**WORK TASK**
Output the whole listing exactly, except for the pictures in it.

**MATERIAL FOR THIS EXERCISE**
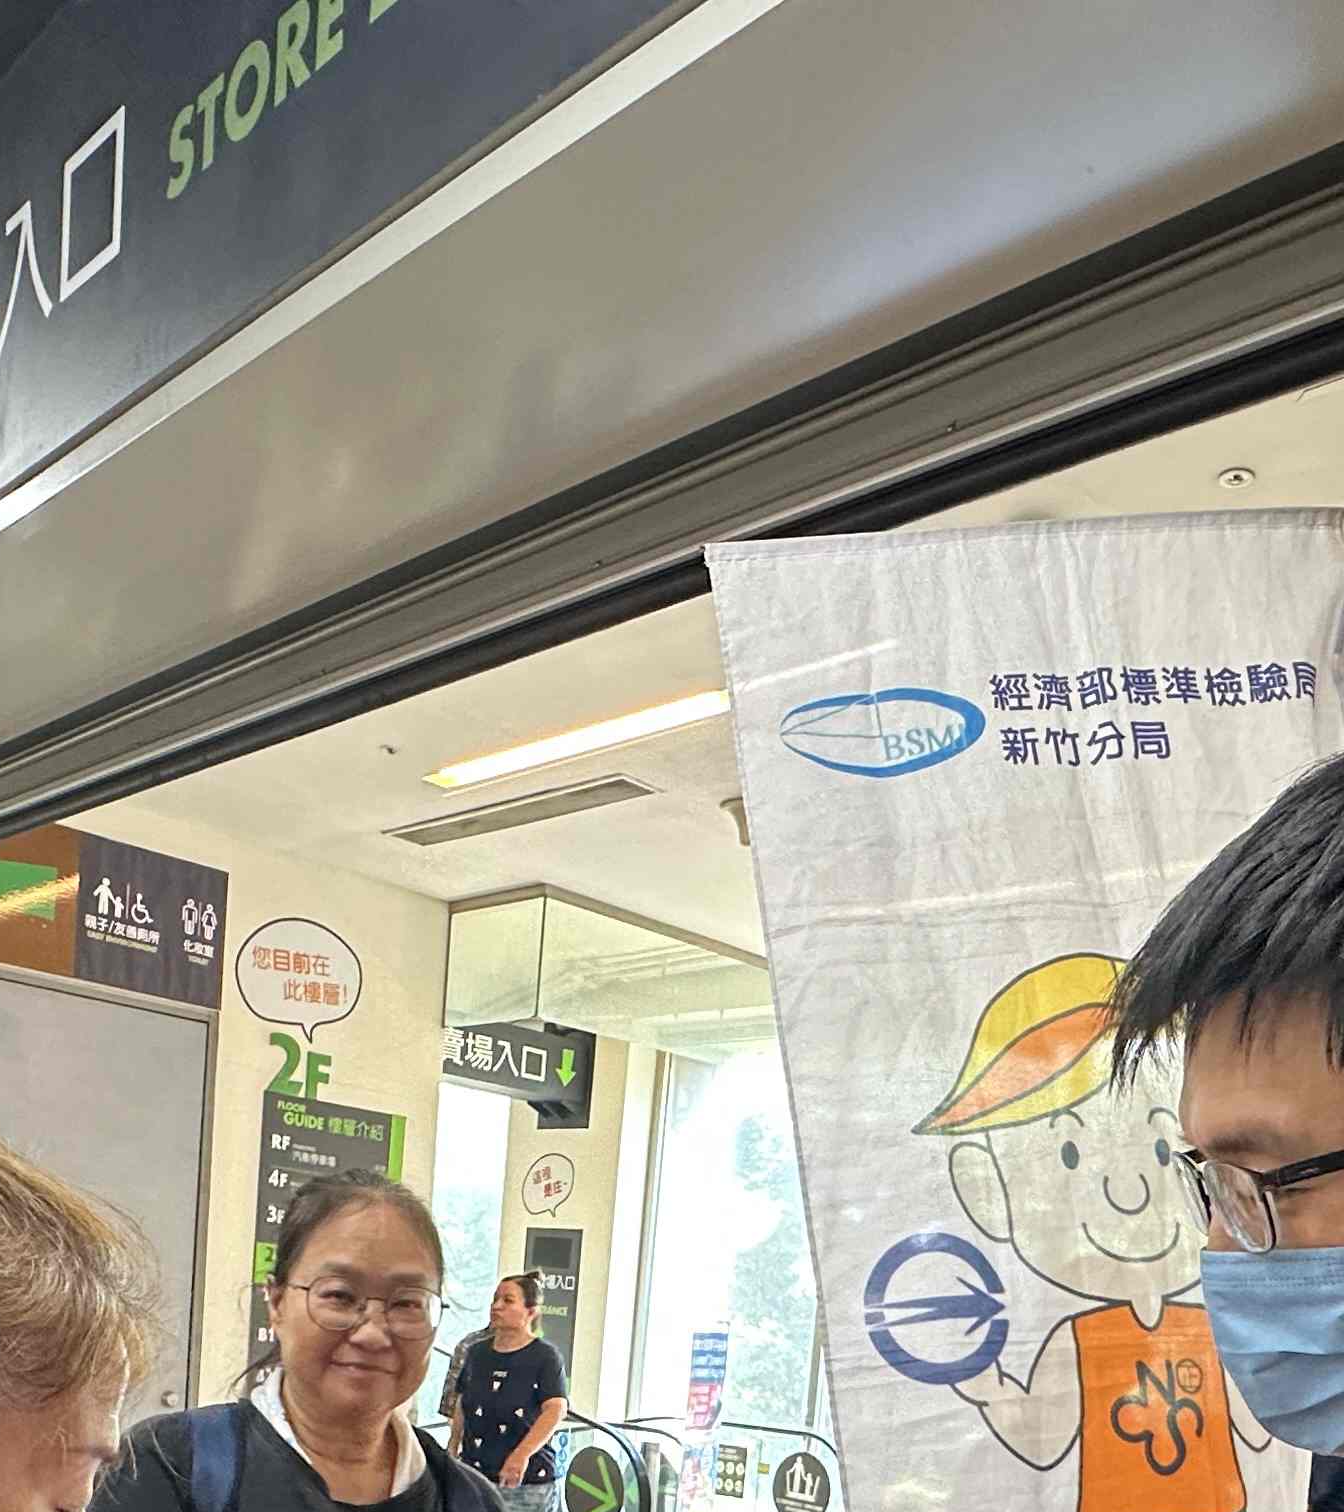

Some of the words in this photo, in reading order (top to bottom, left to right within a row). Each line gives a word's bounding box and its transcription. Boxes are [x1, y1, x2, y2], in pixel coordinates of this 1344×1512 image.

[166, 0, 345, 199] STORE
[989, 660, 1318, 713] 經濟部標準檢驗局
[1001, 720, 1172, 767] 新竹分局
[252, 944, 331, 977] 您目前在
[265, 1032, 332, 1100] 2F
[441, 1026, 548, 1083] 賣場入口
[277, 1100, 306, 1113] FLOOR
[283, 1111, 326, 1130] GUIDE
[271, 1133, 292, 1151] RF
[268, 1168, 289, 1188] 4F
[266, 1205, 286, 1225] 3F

**OUTPUT OF THE EXERCISE**
Some of the words in this photo, in reading order (top to bottom, left to right within a row). Each line gives a word's bounding box and its transcription. Boxes are [x1, y1, x2, y2], in pixel coordinates of this 1344×1512 image.

[166, 0, 345, 199] STORE
[989, 660, 1318, 713] 經濟部標準檢驗局
[1001, 720, 1172, 767] 新竹分局
[252, 944, 331, 977] 您目前在
[265, 1032, 332, 1100] 2F
[441, 1026, 548, 1083] 賣場入口
[277, 1100, 306, 1113] FLOOR
[283, 1111, 326, 1130] GUIDE
[271, 1133, 292, 1151] RF
[268, 1168, 289, 1188] 4F
[266, 1205, 286, 1225] 3F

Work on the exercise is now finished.